The answer should match the entries below word for word, minus their pictures.

--- Supplied material ---

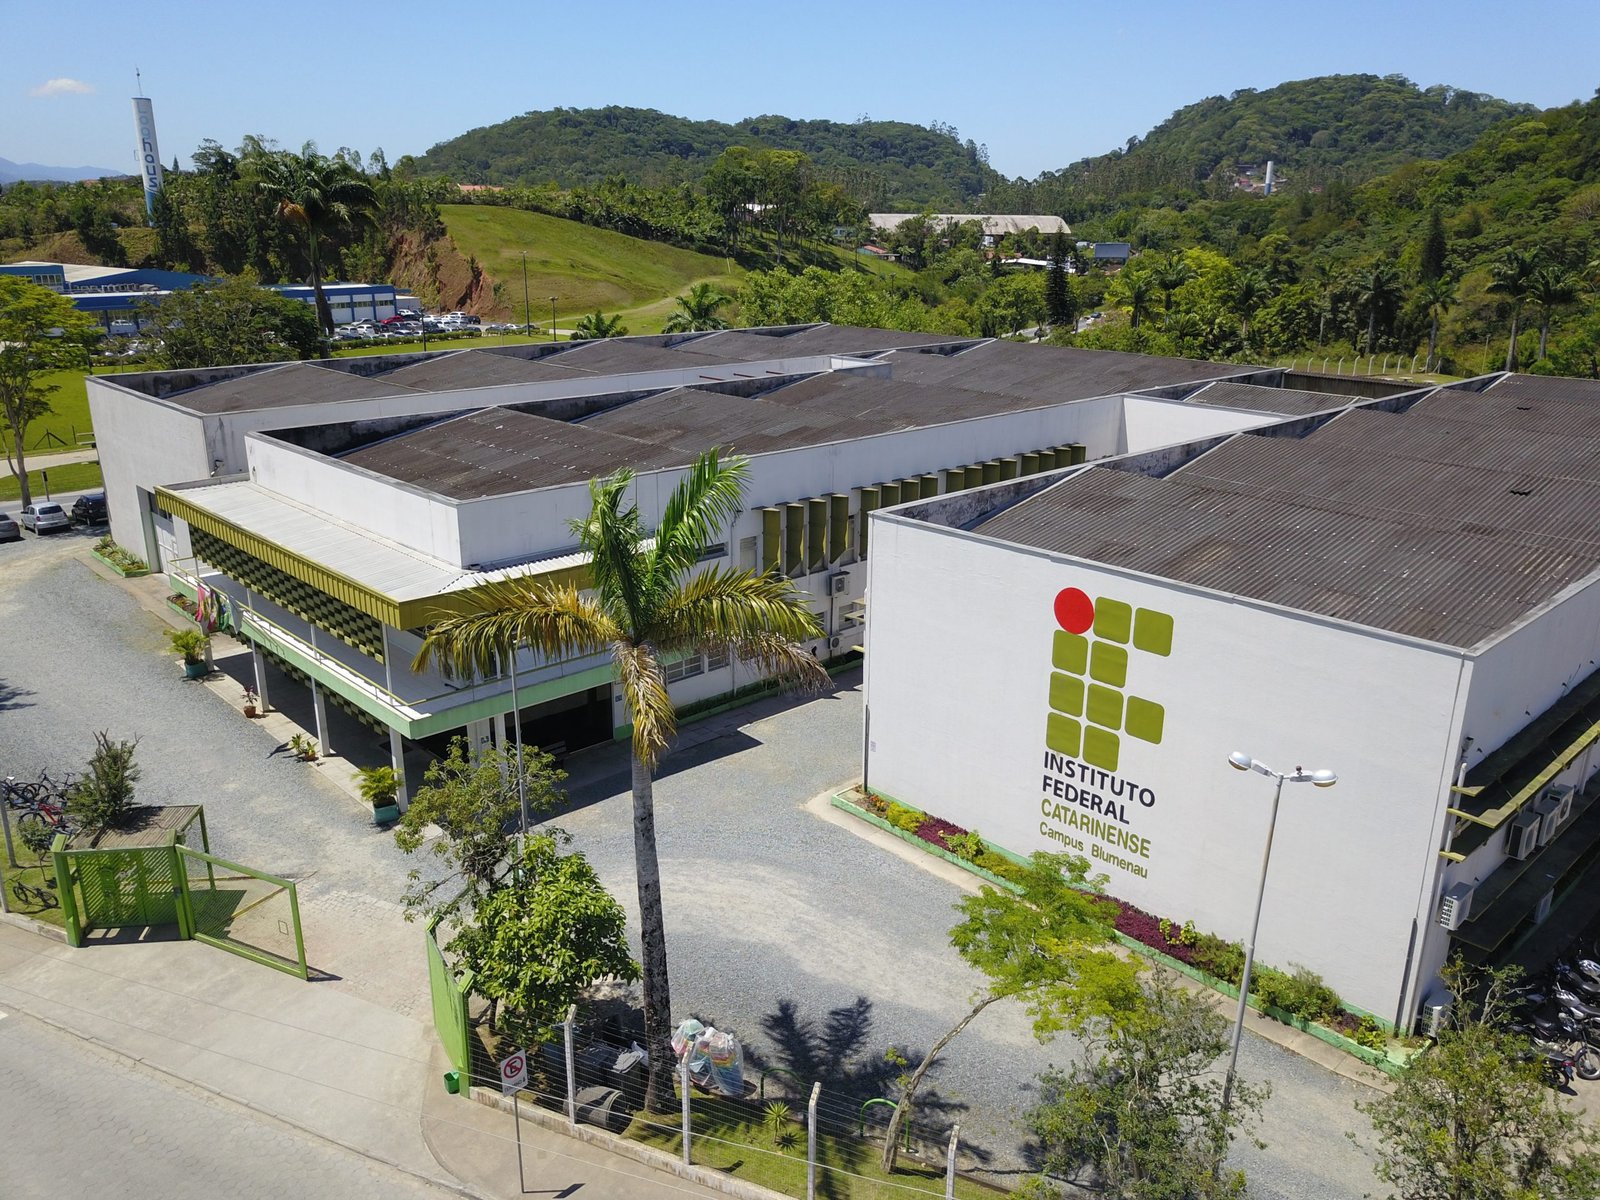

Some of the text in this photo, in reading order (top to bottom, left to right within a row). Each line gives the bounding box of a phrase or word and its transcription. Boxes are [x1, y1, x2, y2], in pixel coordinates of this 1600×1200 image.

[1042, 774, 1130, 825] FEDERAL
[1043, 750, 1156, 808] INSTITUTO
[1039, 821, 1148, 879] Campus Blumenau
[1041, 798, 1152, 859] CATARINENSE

---

[Task result]
Some of the text in this photo, in reading order (top to bottom, left to right within a row). Each line gives the bounding box of a phrase or word and its transcription. Boxes are [x1, y1, x2, y2], in pixel coordinates of this 1600×1200 image.

[1042, 774, 1130, 825] FEDERAL
[1043, 750, 1156, 808] INSTITUTO
[1039, 821, 1148, 879] Campus Blumenau
[1041, 798, 1152, 859] CATARINENSE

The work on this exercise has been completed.